-------- EXERCISE INPUTS --------
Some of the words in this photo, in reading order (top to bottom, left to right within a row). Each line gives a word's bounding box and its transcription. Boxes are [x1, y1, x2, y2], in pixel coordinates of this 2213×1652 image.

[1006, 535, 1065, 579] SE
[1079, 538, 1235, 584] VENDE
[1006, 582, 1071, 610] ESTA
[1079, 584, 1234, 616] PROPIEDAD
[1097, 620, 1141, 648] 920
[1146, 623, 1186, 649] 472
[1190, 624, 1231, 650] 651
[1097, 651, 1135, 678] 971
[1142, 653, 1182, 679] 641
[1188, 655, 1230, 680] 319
--------
-------- EXERCISE INPUTS --------
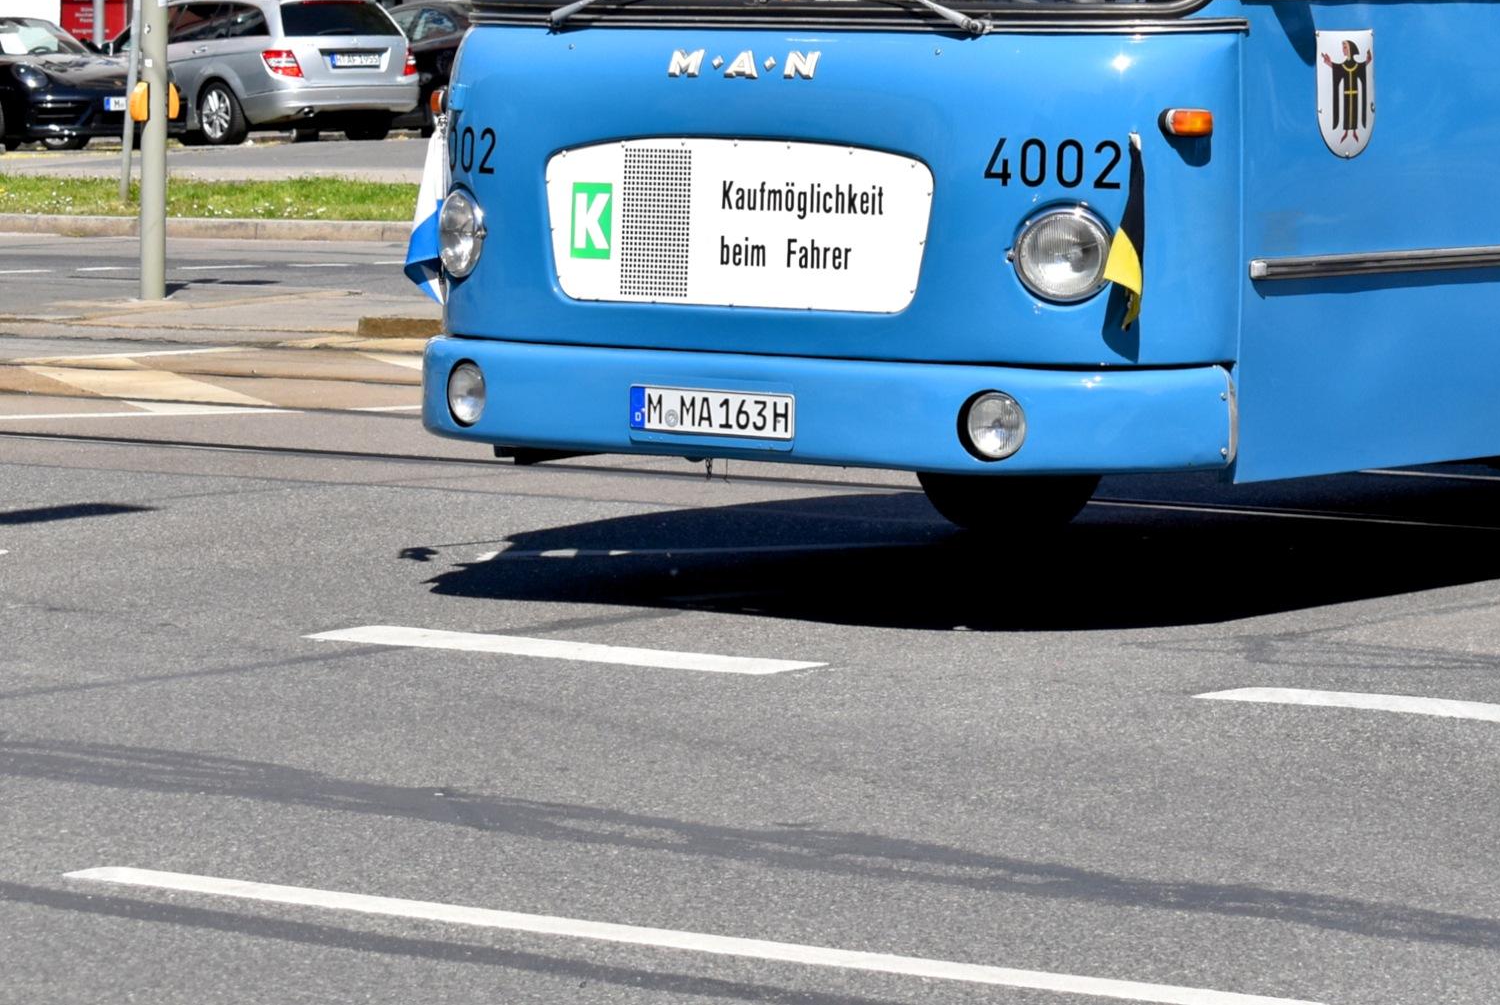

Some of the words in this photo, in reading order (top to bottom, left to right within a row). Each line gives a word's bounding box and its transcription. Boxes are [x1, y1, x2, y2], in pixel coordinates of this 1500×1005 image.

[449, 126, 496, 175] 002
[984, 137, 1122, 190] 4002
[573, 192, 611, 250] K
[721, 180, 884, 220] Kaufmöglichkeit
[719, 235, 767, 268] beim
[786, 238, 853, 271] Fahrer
--------
-------- EXERCISE INPUTS --------
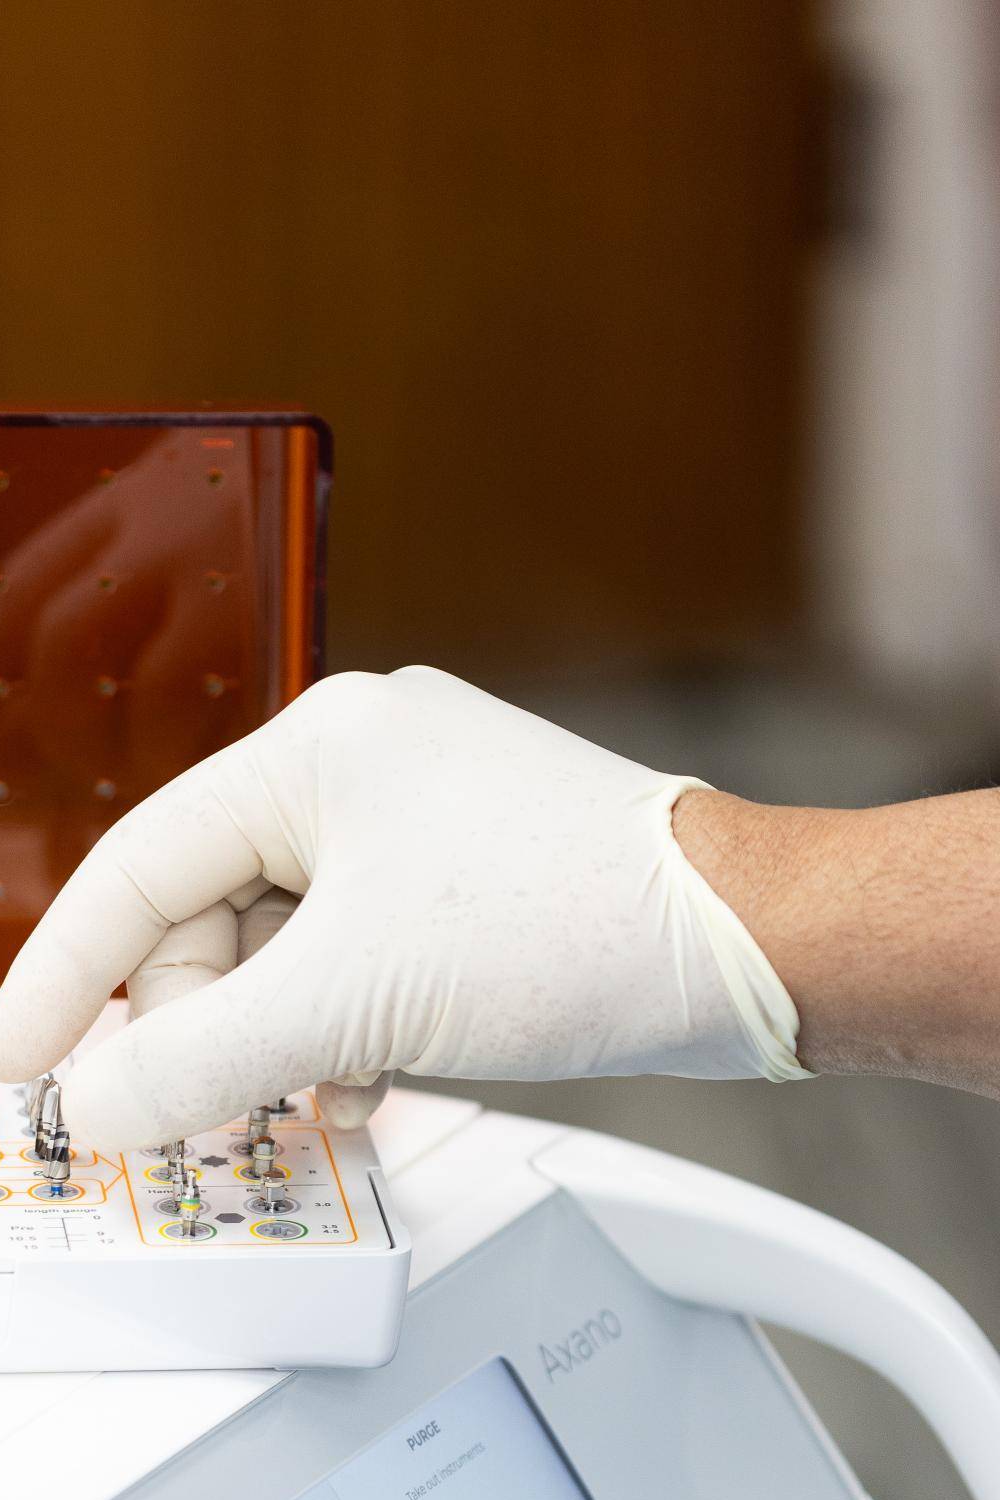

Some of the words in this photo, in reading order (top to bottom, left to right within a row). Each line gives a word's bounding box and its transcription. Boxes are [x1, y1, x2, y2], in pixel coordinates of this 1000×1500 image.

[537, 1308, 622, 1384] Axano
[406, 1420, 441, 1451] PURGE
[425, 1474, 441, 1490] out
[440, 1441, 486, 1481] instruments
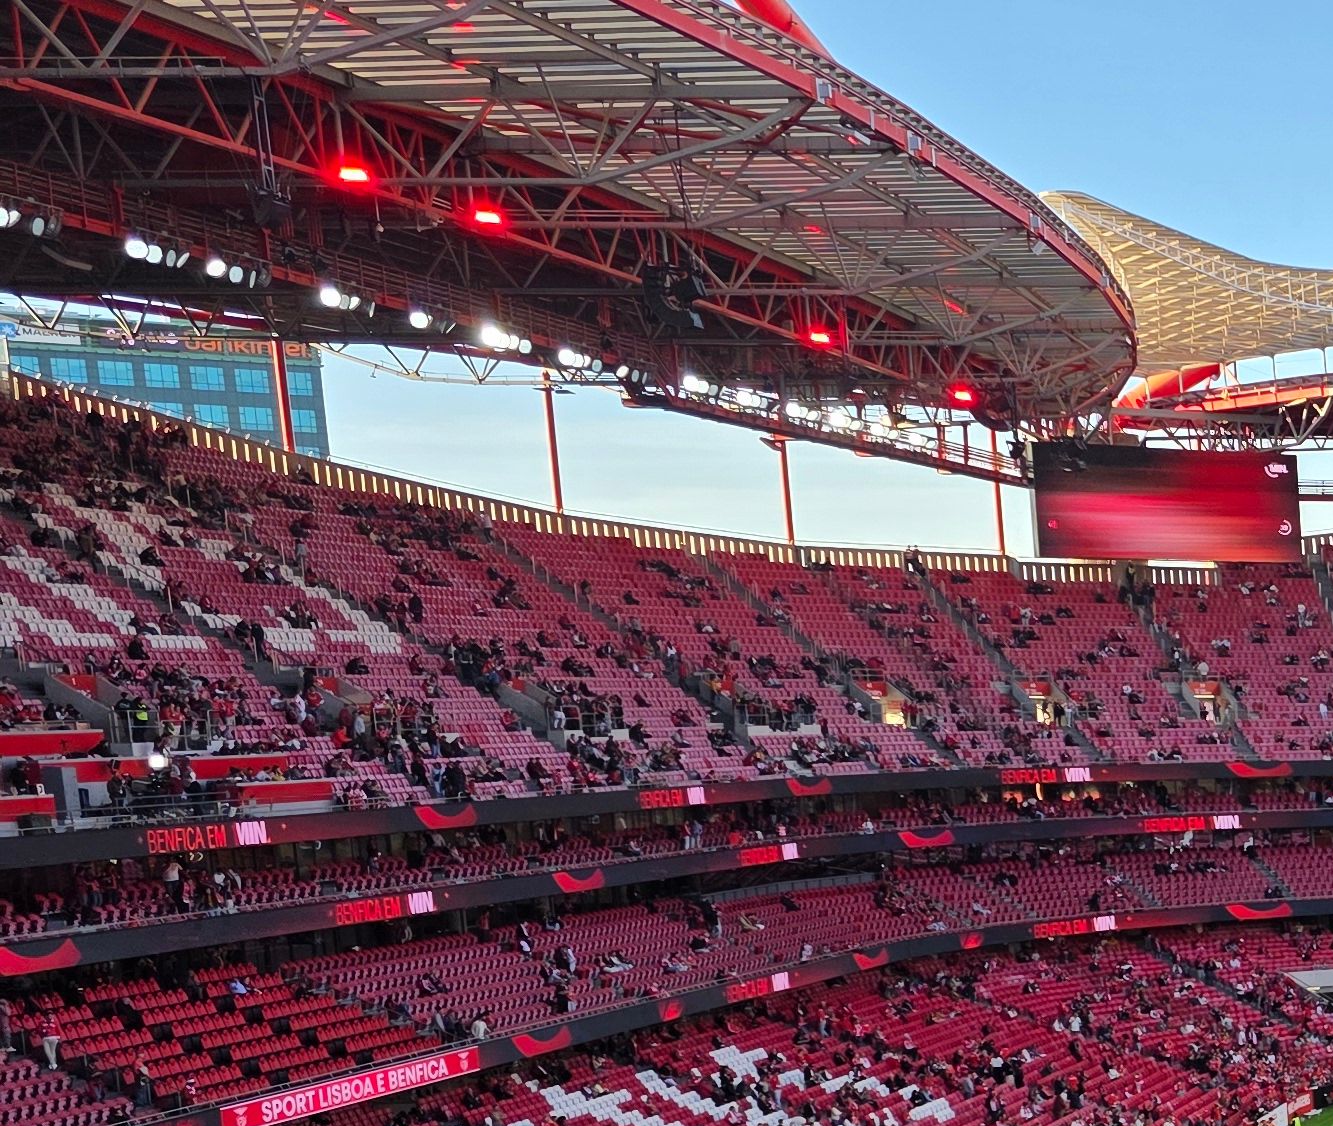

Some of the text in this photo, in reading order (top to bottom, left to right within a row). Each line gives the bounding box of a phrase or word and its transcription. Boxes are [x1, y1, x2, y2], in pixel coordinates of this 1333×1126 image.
--------
EXERCISE DESCRIPTION:
Both the line containing "this 1000×1500 image." and the line containing "Some of the text" above belong in the output, as do the lines between them. Print them exactly, without pictures.

RESULT OF THE TASK:
Some of the words in this photo, in reading order (top to bottom, left to right within a row). Each line gives a word's bounding box and its transcription. Boxes are [x1, y1, x2, y2], in pixel coordinates of this 1000×1500 image.

[537, 1308, 622, 1384] Axano
[406, 1420, 441, 1451] PURGE
[425, 1474, 441, 1490] out
[440, 1441, 486, 1481] instruments

Some of the text in this photo, in reading order (top to bottom, left to right within a row). Each line gives the bounding box of a phrase or word and its transcription. Boxes are [x1, y1, x2, y2], in pixel coordinates of this 1333×1126 image.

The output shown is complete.